- Problem description: The entries that follow should come back exactly, with no pictures among them.

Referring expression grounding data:
*** Begin section ***

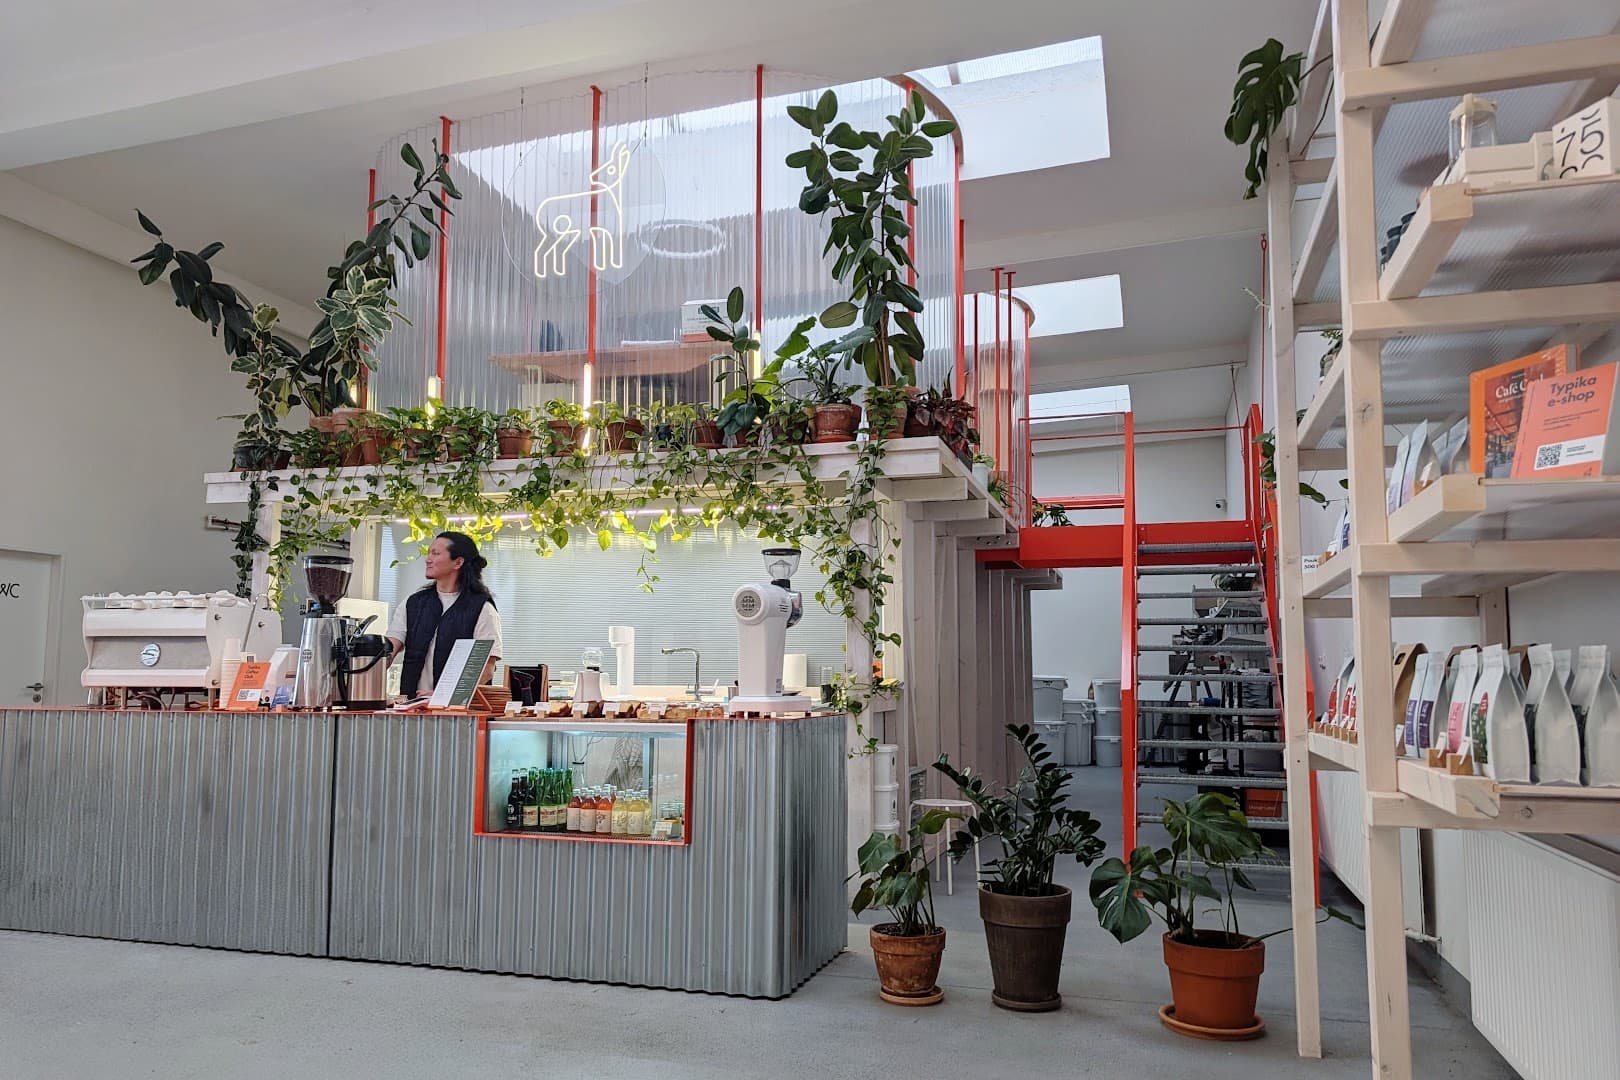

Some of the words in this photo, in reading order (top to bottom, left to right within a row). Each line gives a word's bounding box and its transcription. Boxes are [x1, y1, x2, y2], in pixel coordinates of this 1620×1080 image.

[1495, 381, 1518, 399] Café
[1551, 376, 1597, 394] Typika
[1547, 390, 1595, 408] e-shop
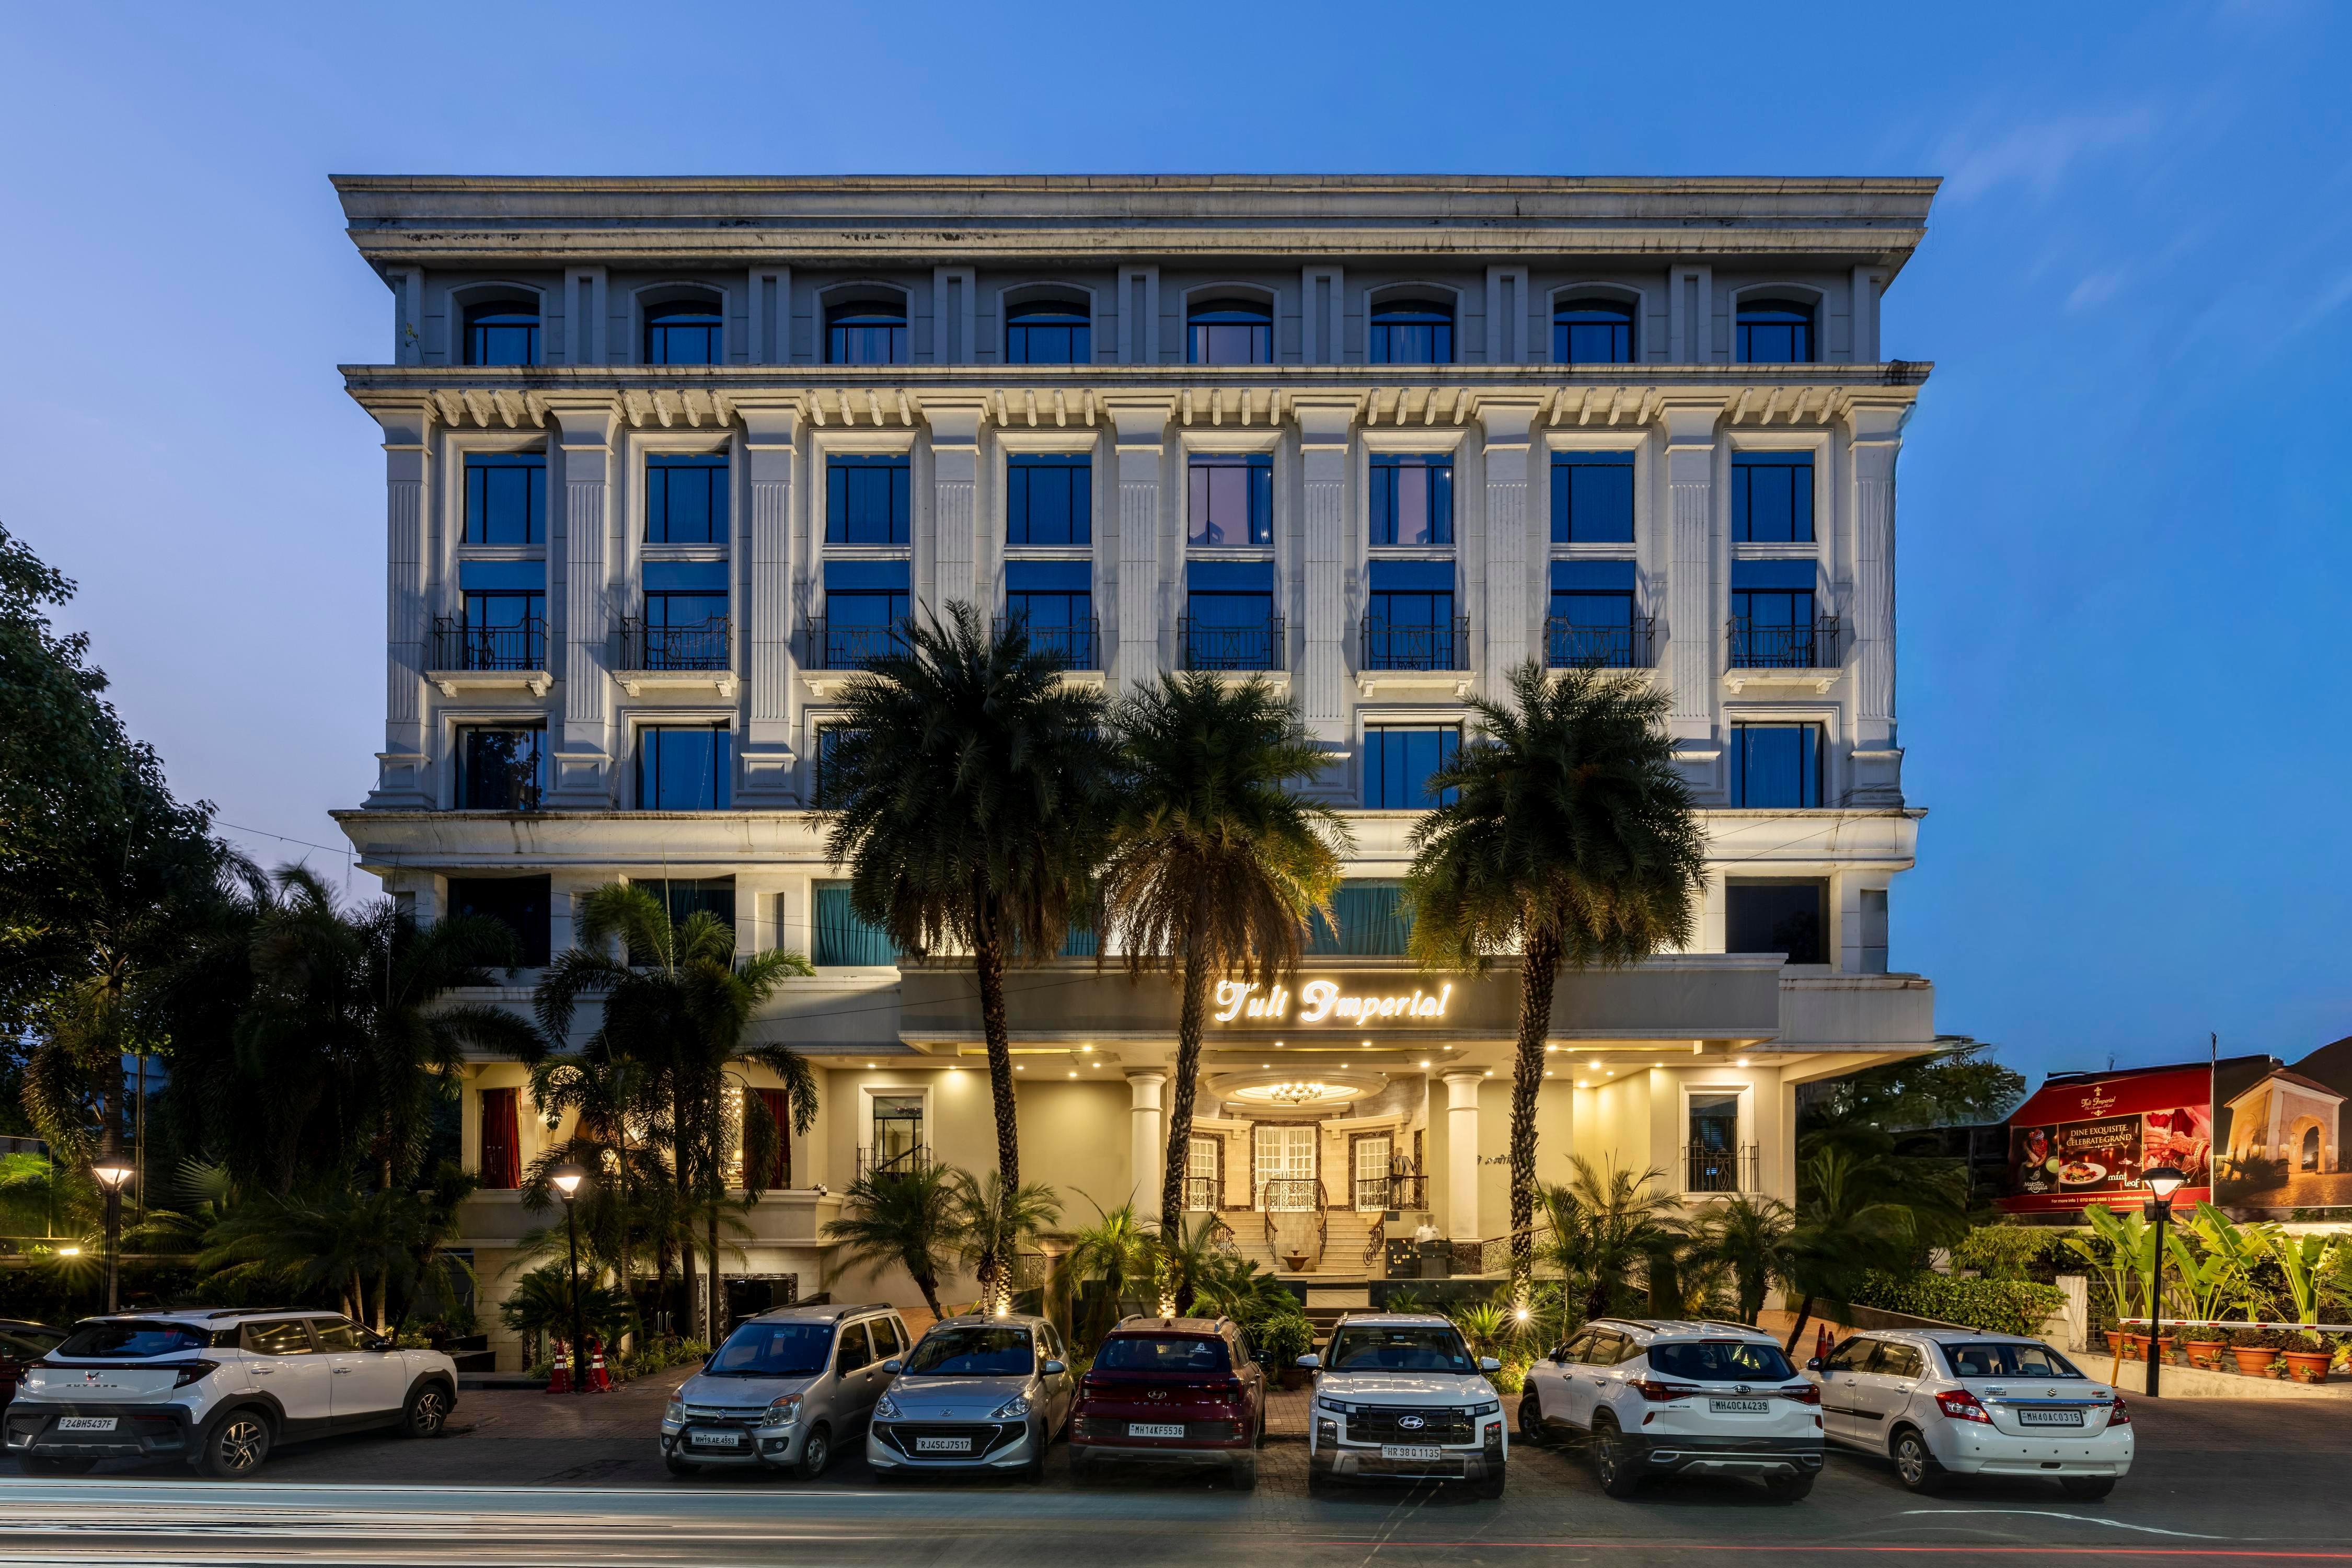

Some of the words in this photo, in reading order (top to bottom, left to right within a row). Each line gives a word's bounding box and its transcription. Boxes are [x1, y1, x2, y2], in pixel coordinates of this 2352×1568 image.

[1215, 979, 1288, 1022] Tuli
[1300, 979, 1452, 1025] Imperial
[2081, 1098, 2092, 1108] Tuli
[2092, 1096, 2116, 1105] Imperial
[2070, 1128, 2089, 1137] DINE
[2090, 1124, 2129, 1135] EXQUISITE.
[2066, 1136, 2103, 1147] CELEBRATE
[2104, 1133, 2134, 1143] GRAND.
[2107, 1171, 2127, 1181] mint
[2027, 1183, 2048, 1193] Masala
[2124, 1178, 2140, 1188] leaf
[1715, 1401, 1768, 1410] MH40CA4239
[2027, 1413, 2080, 1421] MH40AC0315
[65, 1420, 112, 1428] 24BH5437F
[1135, 1426, 1183, 1435] MH14KF5536
[1388, 1447, 1398, 1456] HR
[1400, 1448, 1410, 1456] 98
[1419, 1449, 1439, 1458] 1135

*** End section ***

- Exercise response:
Some of the words in this photo, in reading order (top to bottom, left to right within a row). Each line gives a word's bounding box and its transcription. Boxes are [x1, y1, x2, y2], in pixel coordinates of this 1620×1080 image.

[1495, 381, 1518, 399] Café
[1551, 376, 1597, 394] Typika
[1547, 390, 1595, 408] e-shop

Some of the words in this photo, in reading order (top to bottom, left to right within a row). Each line gives a word's bounding box and its transcription. Boxes are [x1, y1, x2, y2], in pixel coordinates of this 2352×1568 image.

[1215, 979, 1288, 1022] Tuli
[1300, 979, 1452, 1025] Imperial
[2081, 1098, 2092, 1108] Tuli
[2092, 1096, 2116, 1105] Imperial
[2070, 1128, 2089, 1137] DINE
[2090, 1124, 2129, 1135] EXQUISITE.
[2066, 1136, 2103, 1147] CELEBRATE
[2104, 1133, 2134, 1143] GRAND.
[2107, 1171, 2127, 1181] mint
[2027, 1183, 2048, 1193] Masala
[2124, 1178, 2140, 1188] leaf
[1715, 1401, 1768, 1410] MH40CA4239
[2027, 1413, 2080, 1421] MH40AC0315
[65, 1420, 112, 1428] 24BH5437F
[1135, 1426, 1183, 1435] MH14KF5536
[1388, 1447, 1398, 1456] HR
[1400, 1448, 1410, 1456] 98
[1419, 1449, 1439, 1458] 1135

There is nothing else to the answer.